Front Bioeng Biotechnol. 2021 May 6;9:672176. doi: 10.3389/fbioe.2021.672176. eCollection 2021.


Mandibular fracture fixation and reconstruction are usually performed using titanium plates and screws, however, there is a need to improve current fixation techniques. Animal models represent an important step for the testing of new designs and materials. However, the validity of those preclinical models in terms of implant biomechanics remains largely unknown. In this study, we investigate the biomechanics of the sheep mandible as a preclinical model for testing the mechanical strength of fixation devices and the biomechanical environment induced on mandibular fractures. We aimed to assess the comparability of the biomechanical conditions in the sheep mandible as a preclinical model for human applications of fracture fixation devices and empower analyses of the effect of such defined mechanical conditions on bone healing outcome. We developed 3D finite element models of the human and sheep mandibles simulating physiological muscular loads and three different clenching tasks (intercuspal, incisal, and unilateral). Furthermore, we simulated fractures in the human mandibular body, sheep mandibular body, and sheep mandibular diastema fixated with clinically used titanium miniplates and screws. We compared, at the power stroke of mastication, the biomechanical environment (1) in the healthy mandibular body and (2) at the fracture sites, and (3) the mechanical solicitation of the implants as well as the mechanical conditions for bone healing in such cases. In the healthy mandibles, the sheep mandibular body showed lower mechanical strains compared to the human mandibular body.

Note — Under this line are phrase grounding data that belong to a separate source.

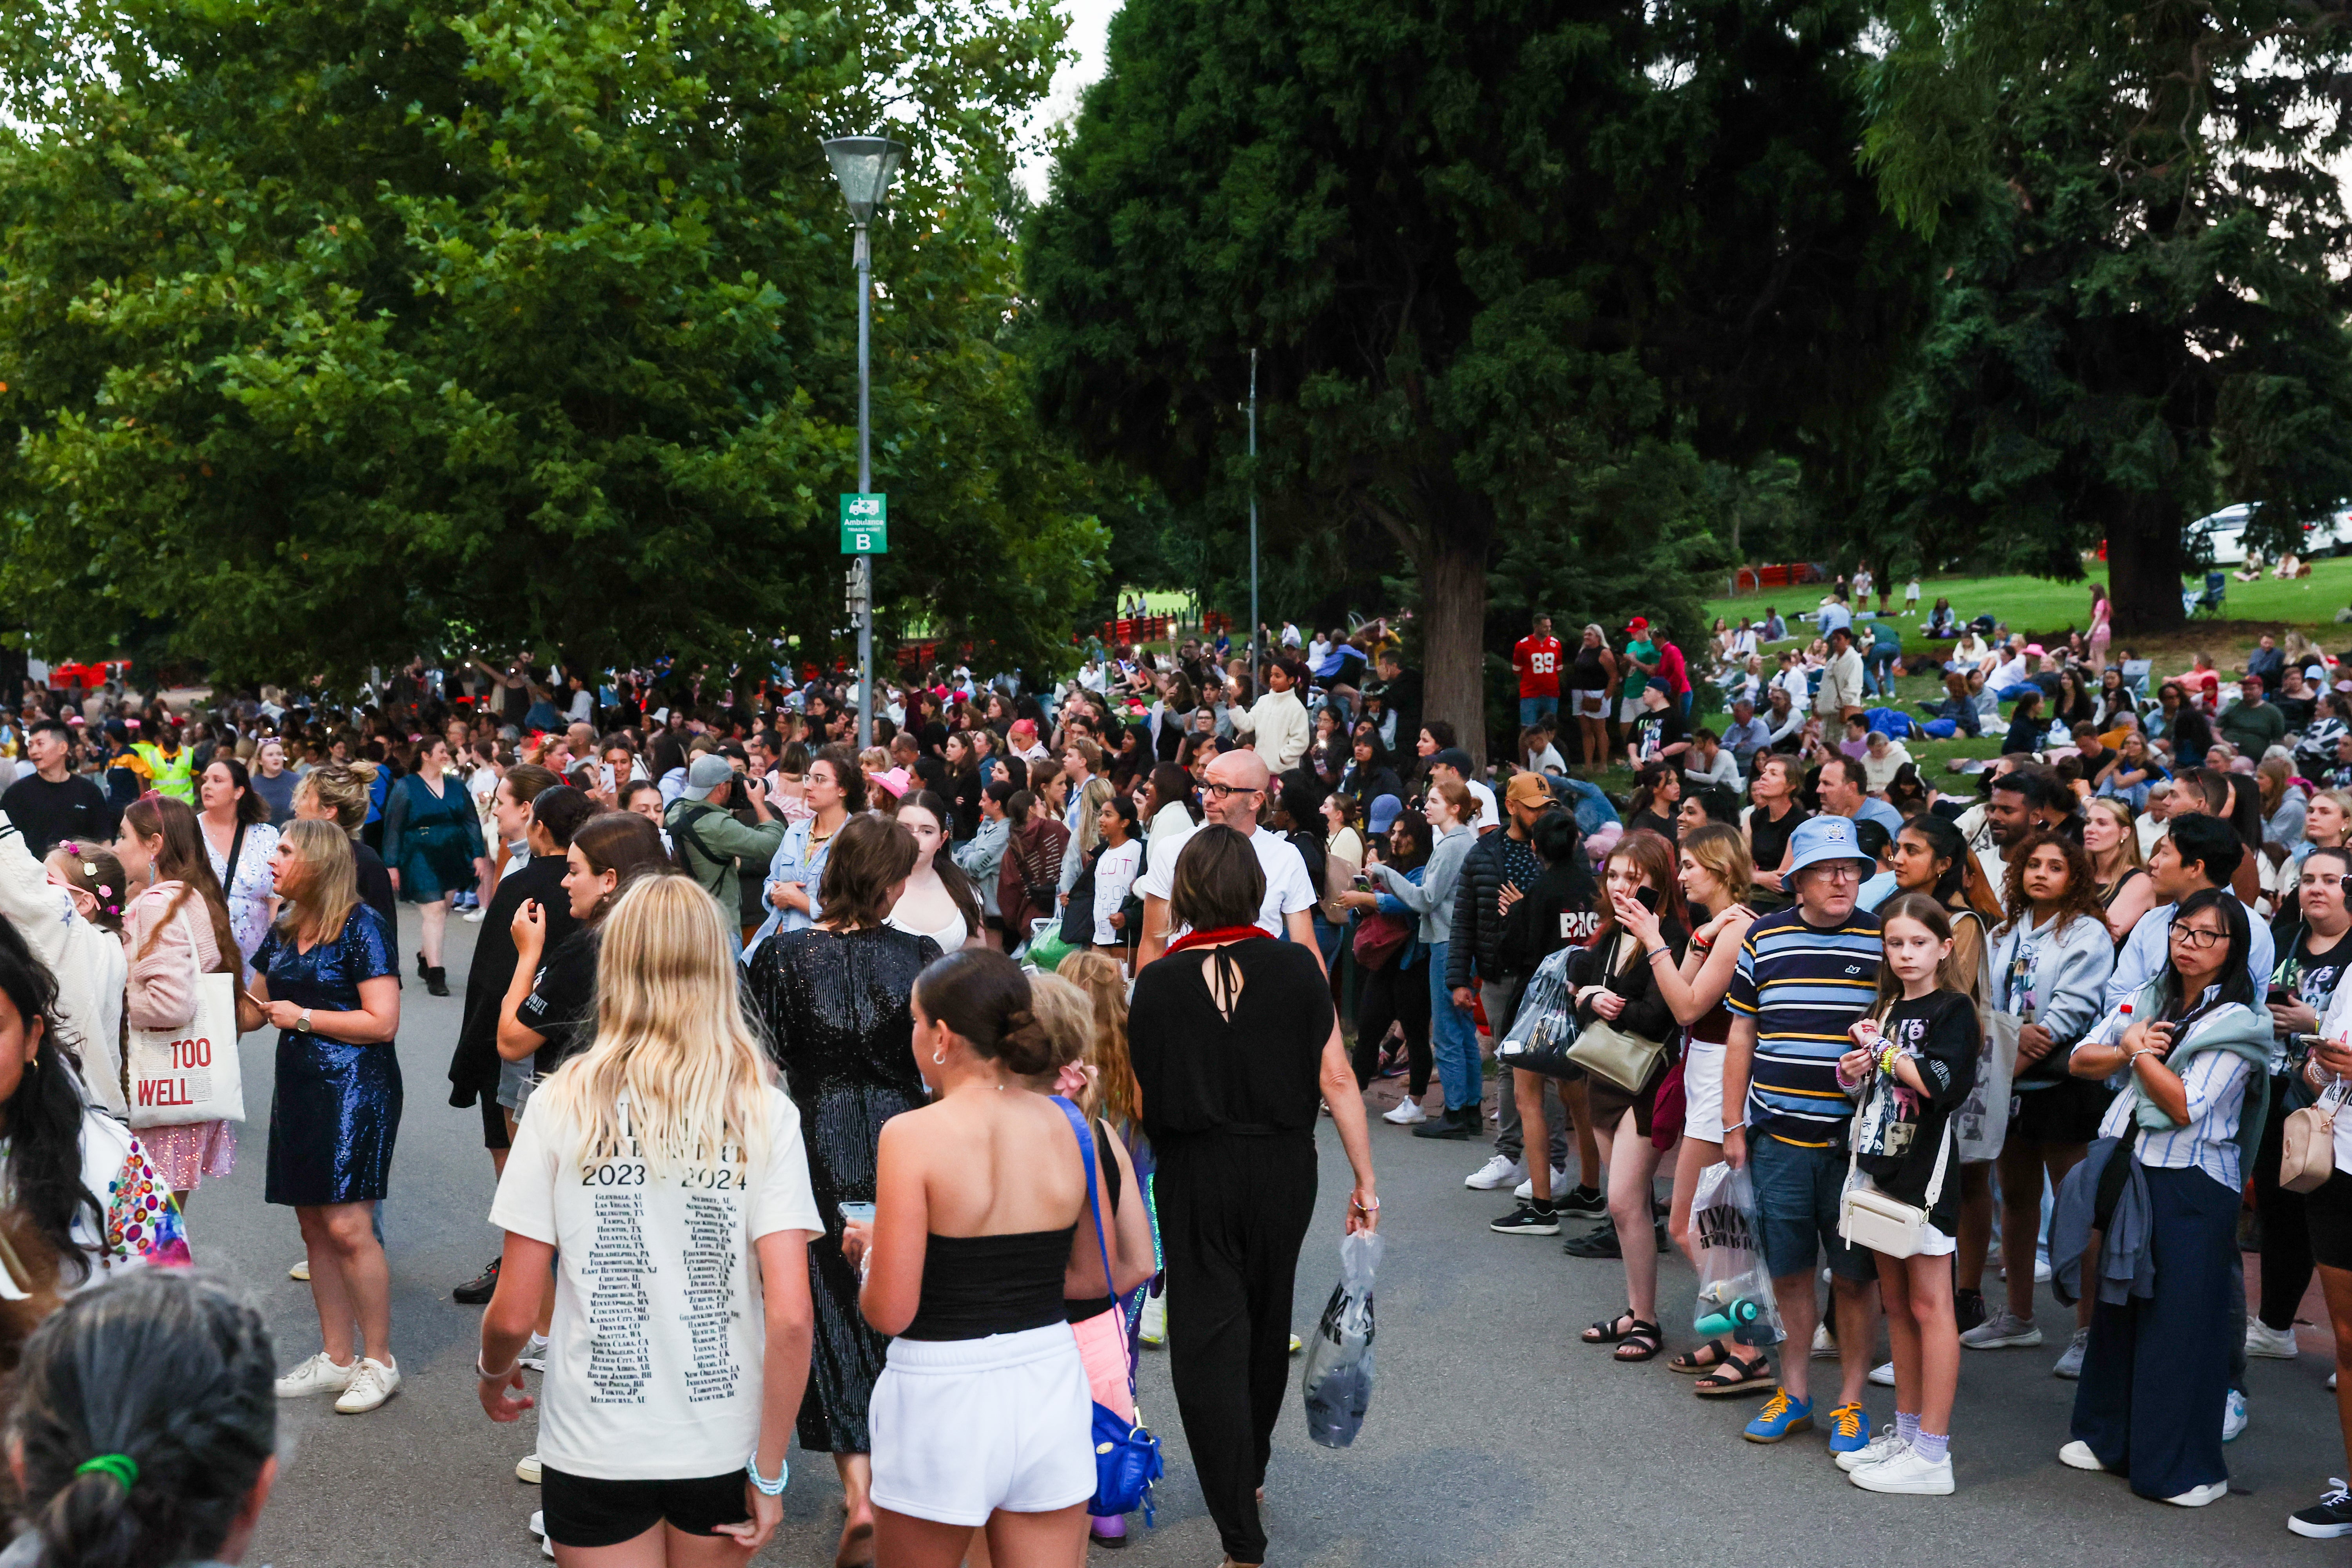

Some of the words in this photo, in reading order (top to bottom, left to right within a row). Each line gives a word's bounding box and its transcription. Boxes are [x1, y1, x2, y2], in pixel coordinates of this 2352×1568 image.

[856, 534, 871, 550] B
[1531, 652, 1555, 673] 89
[1535, 777, 1546, 790] LA
[1102, 858, 1132, 875] LOT
[171, 1038, 211, 1069] TOO
[138, 1078, 193, 1106] WELL
[583, 1165, 645, 1186] 2023

In the fractured mandibles, strains within a fracture gap in sheep were generally not comparable to humans, while similar or lower mechanical solicitation of the fixation devices was found between the human mandibular body fracture and the sheep mandibular diastema fracture scenarios. We, therefore, conclude that the mechanical environments of mandibular fractures in humans and sheep differ and our analyses suggest that the sheep mandibular bone should be carefully re-considered as a model system to study the effect of fixation devices on the healing outcome. In our analyses, the sheep mandibular diastema showed similar mechanical conditions for fracture fixation devices to those in humans.

Keywords: biomechanics; finite element; fracture fixation; mandible fracture; mechanobiology; sheep mandible.